#### Work instruction
Once you find the line that contains "this 1920×1080 image." in the entries below, give it again along with every following line, unchanged, through the final one.

[Stored data entries]
=== Begin Enclosure ===

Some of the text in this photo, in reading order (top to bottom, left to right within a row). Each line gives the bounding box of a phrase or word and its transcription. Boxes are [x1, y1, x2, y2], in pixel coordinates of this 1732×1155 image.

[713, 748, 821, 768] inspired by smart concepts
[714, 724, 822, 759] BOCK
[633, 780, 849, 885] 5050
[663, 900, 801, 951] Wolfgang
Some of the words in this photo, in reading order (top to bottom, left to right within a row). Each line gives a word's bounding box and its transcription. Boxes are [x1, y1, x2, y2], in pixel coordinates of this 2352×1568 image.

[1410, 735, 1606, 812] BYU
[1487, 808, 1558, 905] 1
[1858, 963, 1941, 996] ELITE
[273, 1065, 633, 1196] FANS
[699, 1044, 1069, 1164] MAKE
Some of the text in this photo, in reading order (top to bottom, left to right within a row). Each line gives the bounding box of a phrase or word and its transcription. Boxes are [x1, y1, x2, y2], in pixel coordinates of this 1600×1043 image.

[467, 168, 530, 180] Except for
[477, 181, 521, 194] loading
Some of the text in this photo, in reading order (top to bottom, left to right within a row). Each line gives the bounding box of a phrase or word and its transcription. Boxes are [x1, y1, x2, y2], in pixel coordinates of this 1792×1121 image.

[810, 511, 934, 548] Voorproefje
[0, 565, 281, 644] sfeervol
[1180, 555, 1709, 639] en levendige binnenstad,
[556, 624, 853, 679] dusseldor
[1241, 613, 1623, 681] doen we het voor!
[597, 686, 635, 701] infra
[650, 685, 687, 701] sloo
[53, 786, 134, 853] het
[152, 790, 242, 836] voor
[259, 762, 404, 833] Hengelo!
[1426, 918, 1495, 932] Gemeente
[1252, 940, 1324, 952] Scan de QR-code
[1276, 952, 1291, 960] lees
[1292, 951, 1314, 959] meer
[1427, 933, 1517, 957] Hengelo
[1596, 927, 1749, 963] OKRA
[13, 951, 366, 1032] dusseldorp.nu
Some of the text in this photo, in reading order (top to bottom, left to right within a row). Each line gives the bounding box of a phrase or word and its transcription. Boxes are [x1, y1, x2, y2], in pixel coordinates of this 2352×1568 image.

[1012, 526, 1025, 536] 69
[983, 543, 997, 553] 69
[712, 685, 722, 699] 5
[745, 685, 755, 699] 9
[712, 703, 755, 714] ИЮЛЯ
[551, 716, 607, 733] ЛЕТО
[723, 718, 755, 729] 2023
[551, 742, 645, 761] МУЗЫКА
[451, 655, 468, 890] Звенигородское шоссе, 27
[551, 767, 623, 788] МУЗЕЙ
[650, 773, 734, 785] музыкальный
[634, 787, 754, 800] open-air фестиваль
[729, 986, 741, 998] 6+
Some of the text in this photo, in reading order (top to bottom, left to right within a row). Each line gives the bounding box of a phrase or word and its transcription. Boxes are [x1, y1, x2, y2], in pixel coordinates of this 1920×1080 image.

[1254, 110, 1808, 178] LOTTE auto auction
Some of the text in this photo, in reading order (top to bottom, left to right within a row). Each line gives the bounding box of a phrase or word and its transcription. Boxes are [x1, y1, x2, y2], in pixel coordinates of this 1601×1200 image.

=== End Enclosure ===

#### Task response
Some of the text in this photo, in reading order (top to bottom, left to right within a row). Each line gives the bounding box of a phrase or word and its transcription. Boxes are [x1, y1, x2, y2], in pixel coordinates of this 1920×1080 image.

[1254, 110, 1808, 178] LOTTE auto auction
Some of the text in this photo, in reading order (top to bottom, left to right within a row). Each line gives the bounding box of a phrase or word and its transcription. Boxes are [x1, y1, x2, y2], in pixel coordinates of this 1601×1200 image.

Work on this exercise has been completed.